A: Raw position data for a representative female (top) and male (bottom) Drosophila melanogaster over five days, in black. The thick coloured lines show the average position every two hours. The green rectangles in the background show the two time windows selected for B and C. B: Close up of the first time window in A, showing position over one hour, starting at the beginning of the L phase of day 1. C: Close up of the second time window in A, showing position over one hour, starting at the middle of the L phase of day 1. D: Continuous wavelet transform spectrogram for the two representative animals. E: Average spectrogram across 40 males and 40 females. In D and E, the lines on the right show the marginal power spectra corresponding to the shown spectrograms (average across all time). The male data was collected and described in our previous study [21] (controls in figure 5M-P) and the females data was acquired in parallel, in the same experimental conditions, but not previously published.

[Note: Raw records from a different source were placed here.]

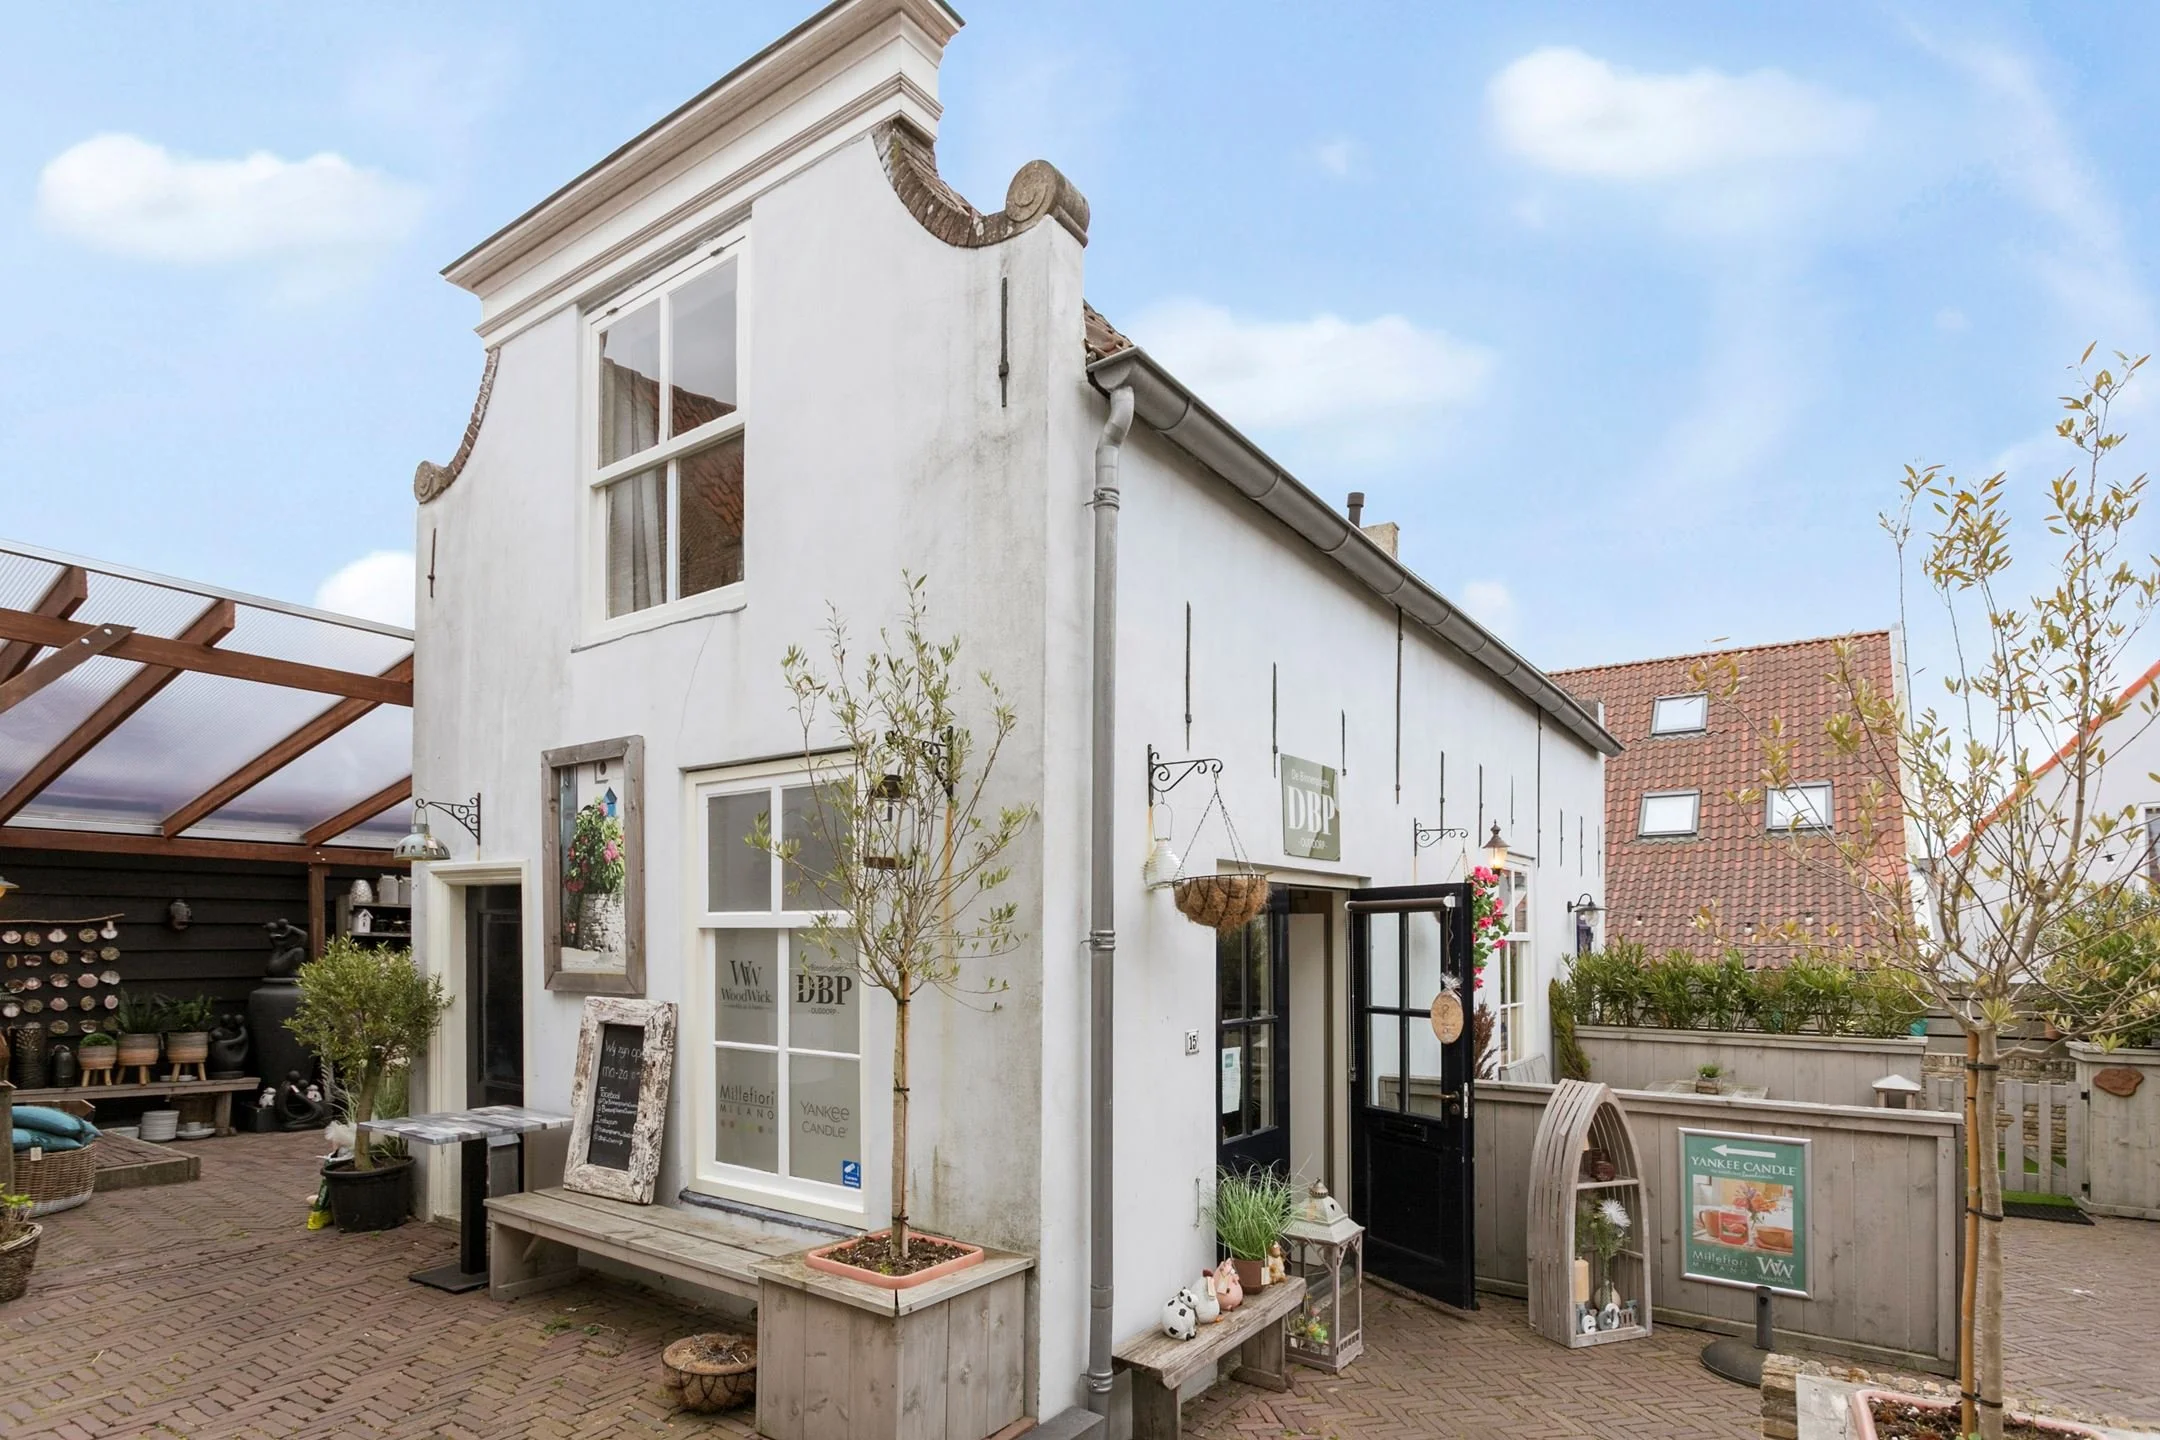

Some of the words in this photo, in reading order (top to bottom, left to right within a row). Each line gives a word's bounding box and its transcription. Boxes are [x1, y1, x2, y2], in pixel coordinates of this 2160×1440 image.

[1287, 785, 1336, 836] DBP
[795, 974, 853, 1006] DBP
[1189, 1035, 1197, 1050] 15
[719, 1085, 775, 1106] Millefiori
[719, 1103, 775, 1120] MILANO
[1690, 1156, 1741, 1171] YANKEE
[1743, 1161, 1797, 1177] CANDLE
[1692, 1250, 1748, 1267] Millefiori

In order to compute CWT, we used the WaveletComp package [42]. We then averaged the result of the five consecutive days in the time/period domain over one circadian day both for the two representative animals (Fig 6D) and for the population(Fig 6E).

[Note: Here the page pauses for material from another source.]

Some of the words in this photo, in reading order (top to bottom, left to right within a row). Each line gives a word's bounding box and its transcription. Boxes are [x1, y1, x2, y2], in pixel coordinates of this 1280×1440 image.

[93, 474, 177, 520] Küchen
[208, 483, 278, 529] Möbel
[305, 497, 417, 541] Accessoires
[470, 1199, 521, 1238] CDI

As suggested by the slow oscillations of the mean position (Fig 6A), we observe peaks in power corresponding to high-period (12 h and 24 h) rhythms. In addition, a large amount of signal is detected for low-period (around 60 s) events – likely corresponding to the position of animals walking along (back and forward) their tubes in a very paced manner.
Interestingly, in females, this low period pace appears to be frequency modulated during the L phase, suggesting a slower walking speed around ZT6 h. In contrast, males display only a high-frequency rhythm around the phase transitions (L to D and D to L). Surprisingly, the peak of high-frequency rhythm implies a faster pace in males (approximately 60 s) than in females (approximately 120 s) – indicating that, when active, males walk faster than females.
This non-exhaustive proof of principle illustrates how analysis of behavioural data can be taken further by adapting the wide range of numerical tools already available in the R ecosystem.
Availability and Future Directions
All packages in the rethomics framework are available under the terms of the GPLv3 license and listed at https://github.com/rethomics/. Extensive installation instructions, as well as reproducible demos and tutorials, are available at https://rethomics.github.io/. All packages are continuously integrated and unit tested on several versions of R to minimise the risk of present and future issues.
Several users, in different research groups, have already adopted and are contributing to the future development framework. Several new packages in the rethomics framework are currently envisaged. They include utilities to input new behaviour tracking methods and analyse multi-animal interactions.
Acknowledgements
We would like to thank people who have directly or indirectly contributed to the this manuscript. In particular, Han Kim, for his invaluable comments on the early versions of rethomics and his dedicated contribution to the tutorials; Maite Ogueta and Ralf Stanewsky, for making the DAMS results data available; Alice French, Hannah Jones, Diana Bicazan and Florencia Fernandez-Chiappe for their comments as early users; Marcus Ghosh and Tara Kane for their feedback on the manuscript; Brenna Williams, for her help to support multi-beam DAMS; Patrick Krätschmer, for his time discussing the conceptual framework.